* **Work task**
Drop the images. Copy every line below character for character.

* **Records to use**
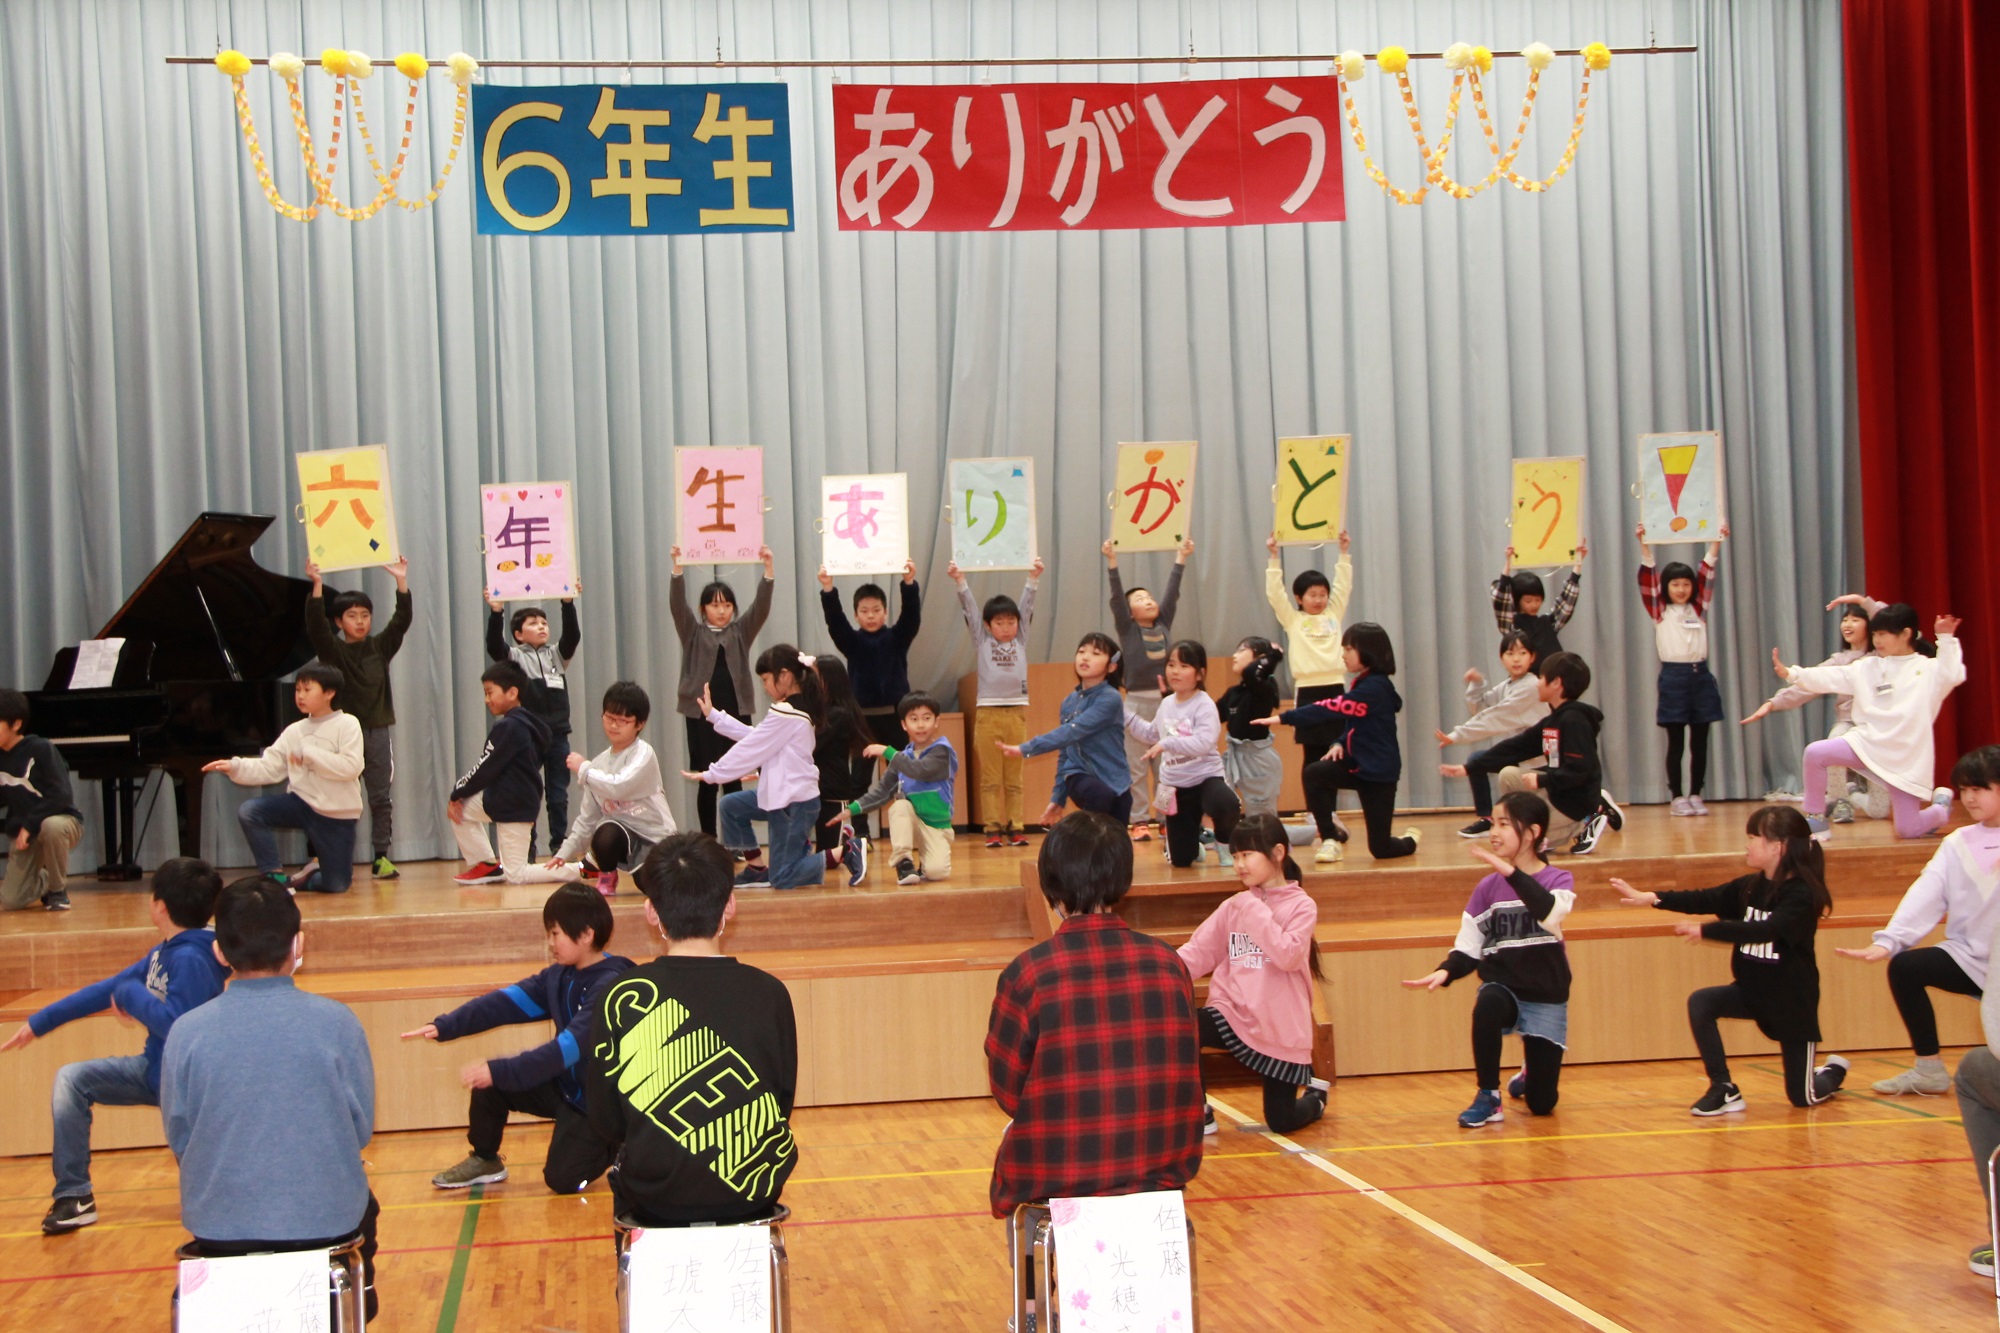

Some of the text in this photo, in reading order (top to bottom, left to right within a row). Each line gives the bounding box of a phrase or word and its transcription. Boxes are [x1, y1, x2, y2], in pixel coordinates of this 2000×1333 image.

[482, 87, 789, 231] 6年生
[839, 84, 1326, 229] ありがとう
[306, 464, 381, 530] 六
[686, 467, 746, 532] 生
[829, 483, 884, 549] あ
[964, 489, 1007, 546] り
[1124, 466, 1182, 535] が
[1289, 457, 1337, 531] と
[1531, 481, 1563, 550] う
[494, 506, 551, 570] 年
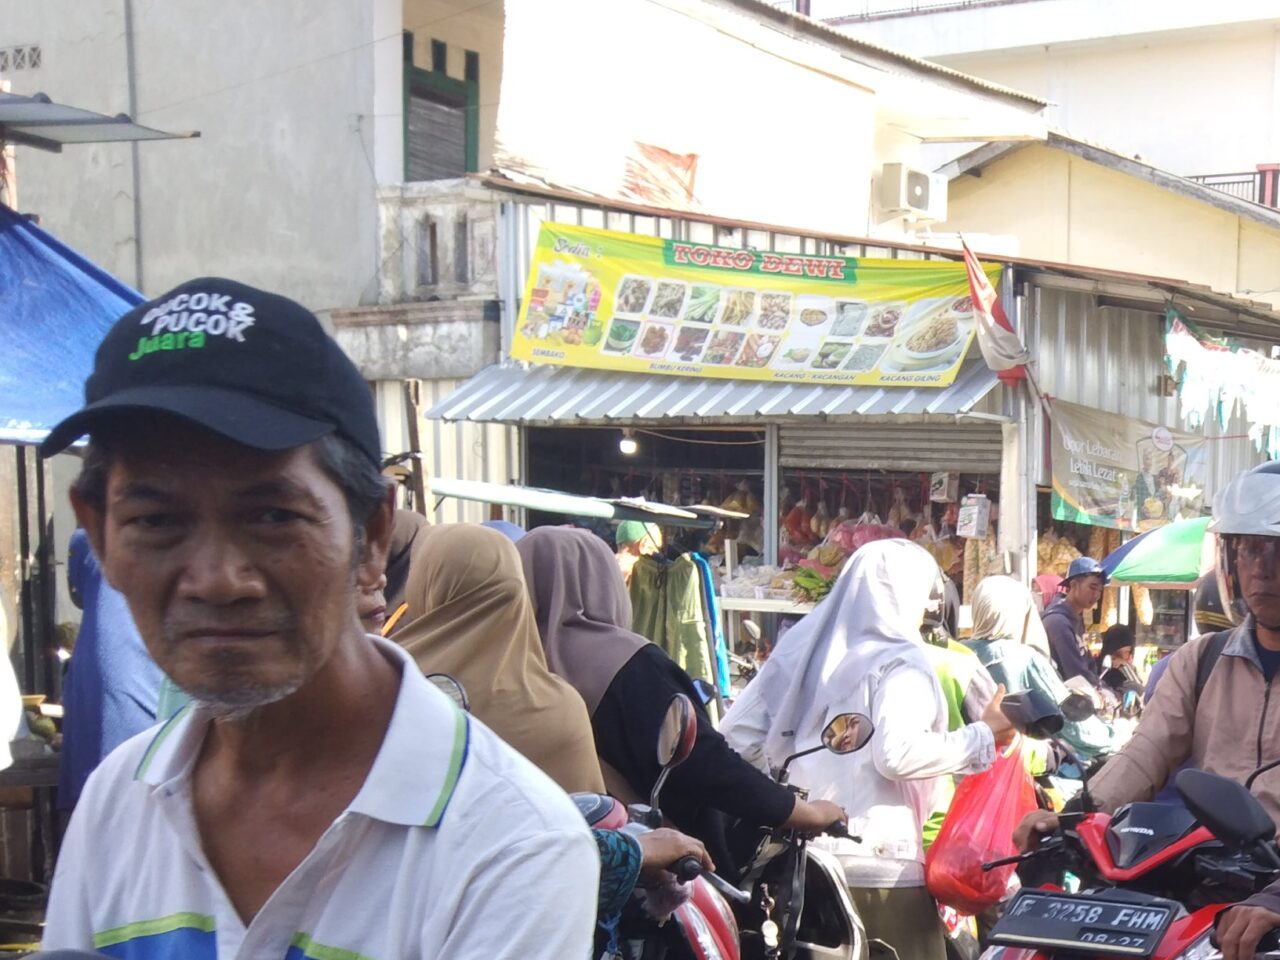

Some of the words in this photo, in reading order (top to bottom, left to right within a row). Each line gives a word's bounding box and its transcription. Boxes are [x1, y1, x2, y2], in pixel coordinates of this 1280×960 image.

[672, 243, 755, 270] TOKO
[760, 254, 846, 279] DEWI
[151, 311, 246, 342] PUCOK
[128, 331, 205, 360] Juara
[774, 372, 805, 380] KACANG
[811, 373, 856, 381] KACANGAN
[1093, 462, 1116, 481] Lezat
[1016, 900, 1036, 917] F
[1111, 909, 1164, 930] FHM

* **Answer for the task**
Some of the text in this photo, in reading order (top to bottom, left to right within a row). Each line gives the bounding box of a phrase or word and its transcription. Boxes are [x1, y1, x2, y2], in pixel coordinates of this 2000×1333 image.

[482, 87, 789, 231] 6年生
[839, 84, 1326, 229] ありがとう
[306, 464, 381, 530] 六
[686, 467, 746, 532] 生
[829, 483, 884, 549] あ
[964, 489, 1007, 546] り
[1124, 466, 1182, 535] が
[1289, 457, 1337, 531] と
[1531, 481, 1563, 550] う
[494, 506, 551, 570] 年

Some of the words in this photo, in reading order (top to bottom, left to right within a row). Each line gives a word's bounding box and its transcription. Boxes are [x1, y1, x2, y2], in pixel coordinates of this 1280×960 image.

[672, 243, 755, 270] TOKO
[760, 254, 846, 279] DEWI
[151, 311, 246, 342] PUCOK
[128, 331, 205, 360] Juara
[774, 372, 805, 380] KACANG
[811, 373, 856, 381] KACANGAN
[1093, 462, 1116, 481] Lezat
[1016, 900, 1036, 917] F
[1111, 909, 1164, 930] FHM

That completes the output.